For several decades, the occurrence of Sick Building Syndrome (SBS) has become increasingly common. SBS shows how the effects of poor indoor air quality manifests itself in both commercial and residential buildings. Typically, most of the “problem” buildings are offices-where many people are contained in a small amount of space for a large part of the day. These conditions are similar to those found in the cabin of passenger planes-and air quality is just as important for people in office buildings as it is for those who are at 40,000 feet.

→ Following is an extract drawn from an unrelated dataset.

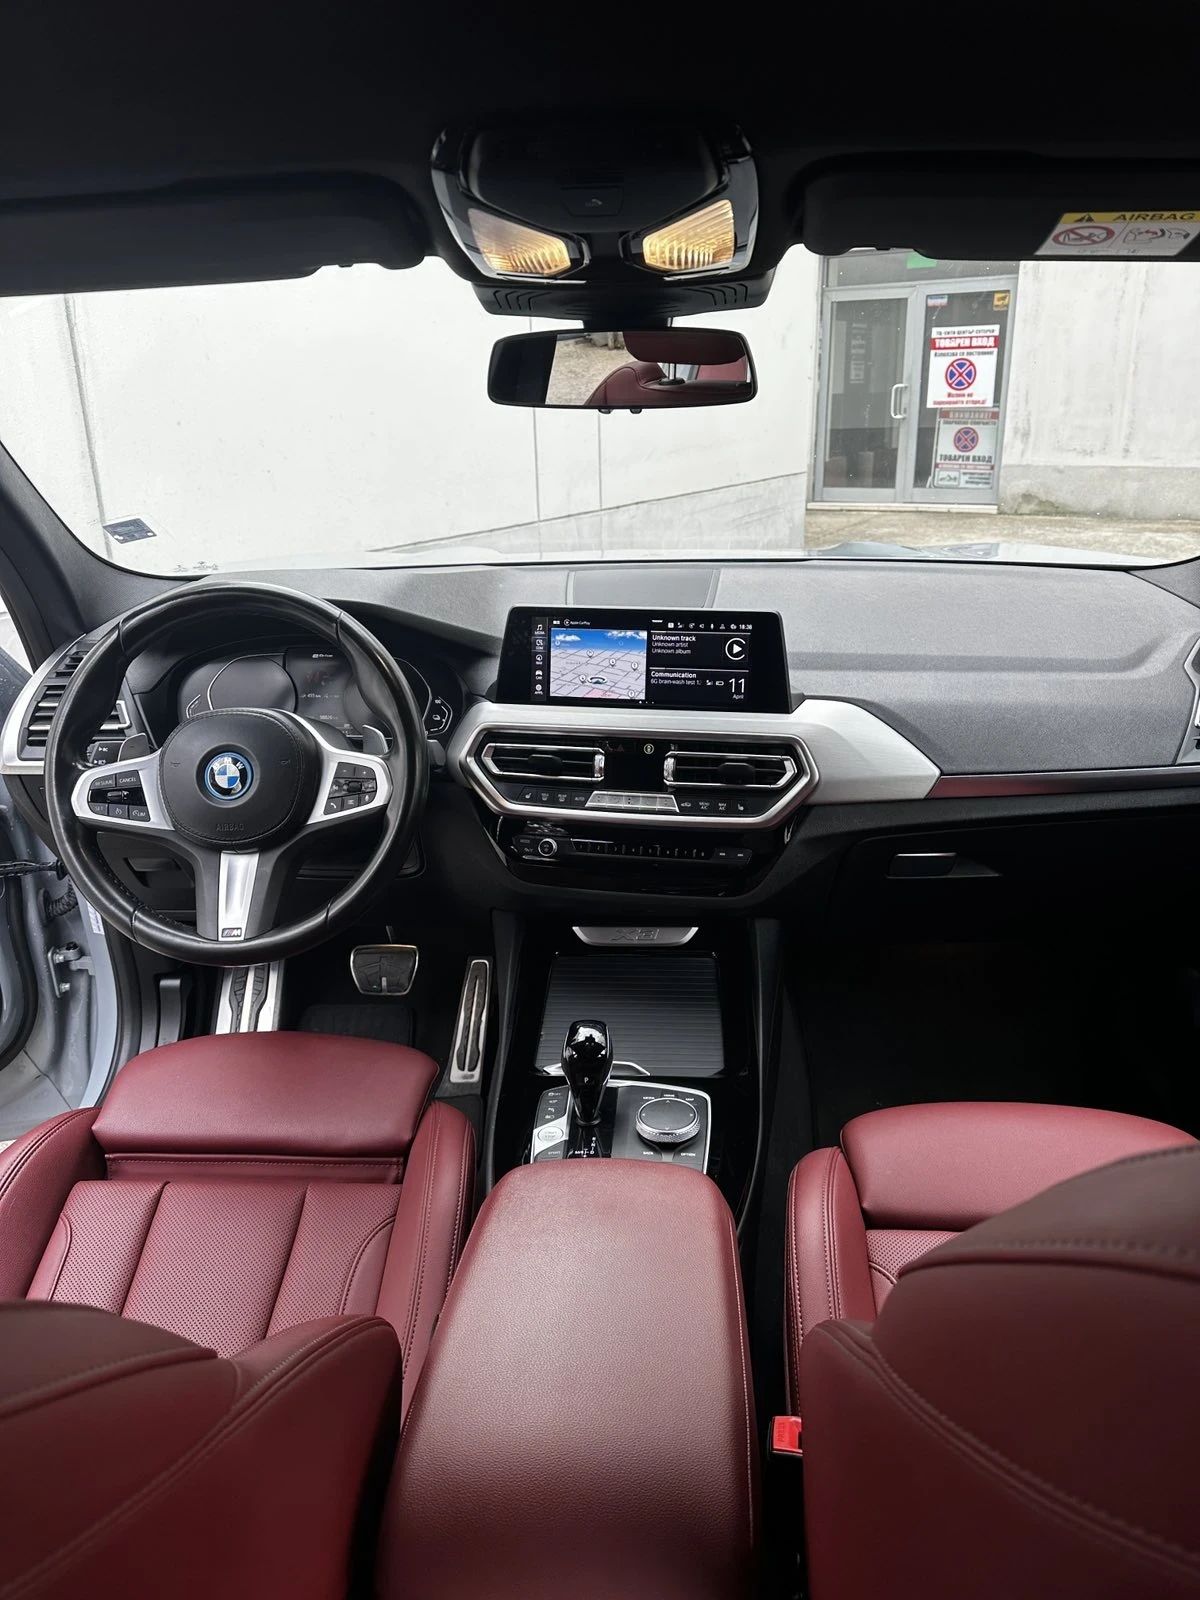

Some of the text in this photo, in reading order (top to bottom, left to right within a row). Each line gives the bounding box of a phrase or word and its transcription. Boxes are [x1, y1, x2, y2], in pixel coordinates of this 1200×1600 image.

Sick Building Syndrome (SBS) is marked by a combination of several ailments (which make it a syndrome) that are associated with indoor environment (especially office buildings). Most all instances of SBS are a result of flaws in the heating, air conditioning and ventilation systems that cause indoor air contaminants to become concentrated. A 1984 World Health Organization report into the syndrome suggested up to 30% of new and remodeled buildings worldwide may be linked to symptoms of SBS because of new, energy efficient (air tight) buildings.
50 possible symptoms are associated with SBS, but several of the most common are:
- Eye, nose and throat irritation
- Dry cough
- Itchy skin
- Difficulty in concentrating
- Sensitivity to odors
- Increased number or asthma attacks and/or the occurrence of asthma attacks in non-asthmatics
- Personality changes such as uncharacteristic bouts of rage, weeping, paranoia or depression
- Putative cases of bronchitis or pneumonia that are not cured by antibiotics
- Symptoms that resemble those of Irritable Bowel Syndrome (IBS)
Though the condition has often been viewed with skepticism from employers and doctors alike, new research is uncovering the extent of air pollution within commercial buildings. Old furnaces spew out perilous amounts of carbon monoxide while keyboards, mouses and phones are covered in more microbial nightmares than a toilet seat. Molds flourish within the walls, causing problems ranging from respiratory discomfort to organ damage. An Australian Research Team from the International Laboratory for Air Quality and Health at Queensland University of Technology found that certain printers created as much air dangerous air pollution as a lit cigarette.
The researchers tested 62 different laser printers from well-known labels like Canon, HP Color LaserJet, Ricoh and Toshiba. Of these 62 printers, 17 were considered “high- level emitters”, which meant that the level of particulate pollution they created was on par with a burning cigarette. People who have large batches of papers to be photo copies will often experience headaches. When equipment used to detect the levels of contaminants in the air is placed near these photo copiers, they detect drastic levels of pollution in the air.
What can you do to improve you working environment?
- Use a HEPA quality air filter in offices. The CT500 made by Dynamic Air Quality Solutions is often used to remove smoke and allergens from the air and would be very well suited to for removing toner particulate created by copiers and printers.
- The best way to combat this indoor air quality problem is to sit as far away from printers and copiers as possible.
- Do not keep printers and photocopiers in small, enclosed rooms-instead try to place them where they will have adequate ventilation to disperse pollutants.